Sometimes there are subtle bugs whose origin can be found in some quirks from the underlying language used to build the software. This blog post describes one of those cases in order to let both fellow security researchers and developers, who didn't know about it, become aware of this potential vulnerable pattern. In fact, I'm pretty sure that similar bugs to the one herein described likely affect a bunch of products/codebases out there.

In previous posts, I've already described some bugs in the Swiss Post's future E-voting system. While reading their Crypto-Primitives specification, which among other things describes the custom Hashing algorithm Swiss Post implemented, I noticed something potentially interesting.

Basically, there are 4 different types that are supported: byte arrays, strings, integers and vectors. Before being hashed, strings are converted to a byte array via the 'StringToByteArray' algorithm.

However, by comparing 'StringToByteArray' and 'ByteArrayToString' we can find a significant  difference: invalid UTF-8 sequences are only considered in the latter. Let's see how this was implemented in the code:

File: crypto-primitives-master/src/main/java/ch/post/it/evoting/cryptoprimitives/internal/utils/
079:    /**
080:     * See {@link}
081:     */
082:    public static byte[] stringToByteArray(final String s) {
083:        checkNotNull(s);
085:        // Corresponds to UTF-8(S)
086:        return s.getBytes(StandardCharsets.UTF_8);
087:    }
089:    /**
090:     * See {@link}
091:     */
092:    public static String byteArrayToString(final byte[] b) {
093:        checkNotNull(b);
094:        checkArgument(b.length > 0, "The length of the byte array must be strictly positive.");
096:        CharsetDecoder decoder = StandardCharsets.UTF_8.newDecoder();
097:        // The try-catch clause implements the pseudo-code's if statement
098:        try {
099:            // Corresponds to UTF-8^-1(B)
100:            return decoder.decode(ByteBuffer.wrap(b)).toString();
101:        } catch (CharacterCodingException ex) {
102:            throw new IllegalArgumentException("The byte array does not correspond to a valid sequence of UTF-8 encoding.");
103:        }
104:    }

As expected, at line 100, 'byteArrayToString' tries to decode the input to detect invalid UTF-8 sequences. On the other hand, at line 86, 'StringToByteArray' directly uses 'getBytes'.
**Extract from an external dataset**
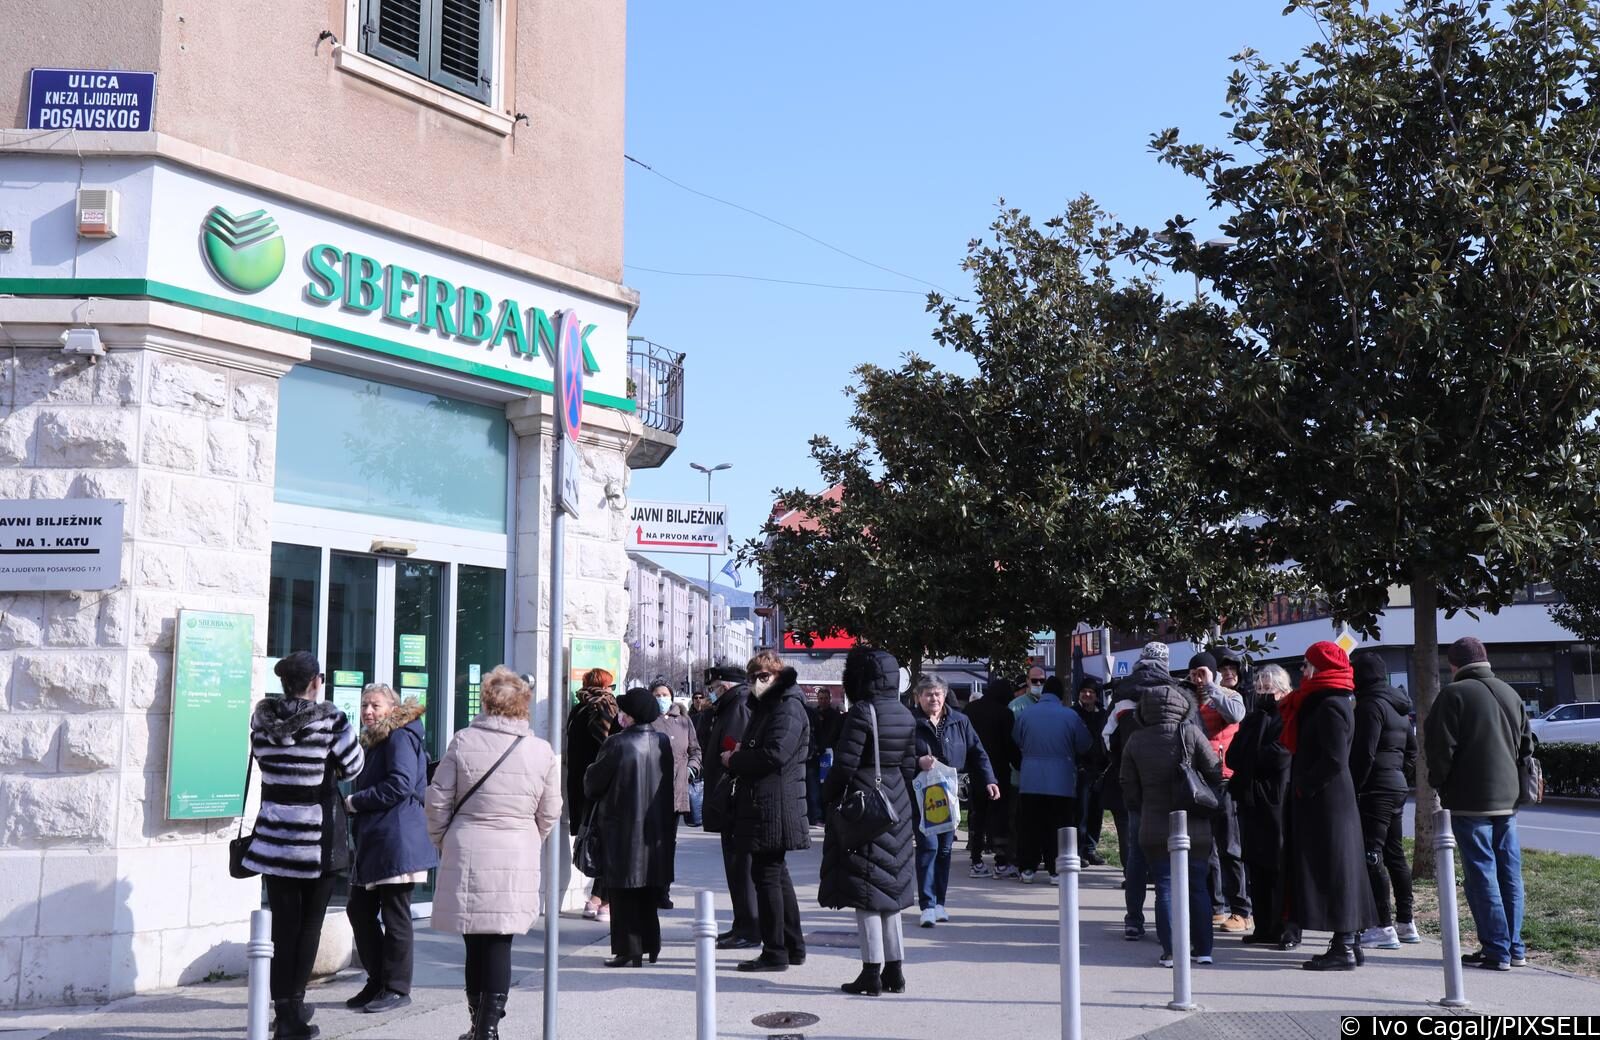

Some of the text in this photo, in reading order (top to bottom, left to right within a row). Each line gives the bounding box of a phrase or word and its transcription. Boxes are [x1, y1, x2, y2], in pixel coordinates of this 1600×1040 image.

Internally, 'getBytes' will encode the string before returning the bytes. Let's see Java's implementation:

File: java/lang/
     * Encodes this {@code String} into a sequence of bytes using the given
     * {@linkplain java.nio.charset.Charset charset}, storing the result into a
     * new byte array.
     * <p> This method always replaces malformed-input and unmappable-character
     * sequences with this charset's default replacement byte array.  The
     * {@link java.nio.charset.CharsetEncoder} class should be used when more
     * control over the encoding process is required.
     * @param  charset
     *         The {@linkplain java.nio.charset.Charset} to be used to encode
     *         the {@code String}
     * @return  The resultant byte array
     * @since  1.6
    public byte[] getBytes(Charset charset) {
        if (charset == null) throw new NullPointerException();
        return encode(charset, coder(), value);

As the description of the method clearly states, any invalid character sequence will be replaced (onMalformedInput(CodingErrorAction.REPLACE).onUnmappableCharacter(CodingErrorAction.REPLACE) with the default "replacement byte array",  it doesn't trigger any exception.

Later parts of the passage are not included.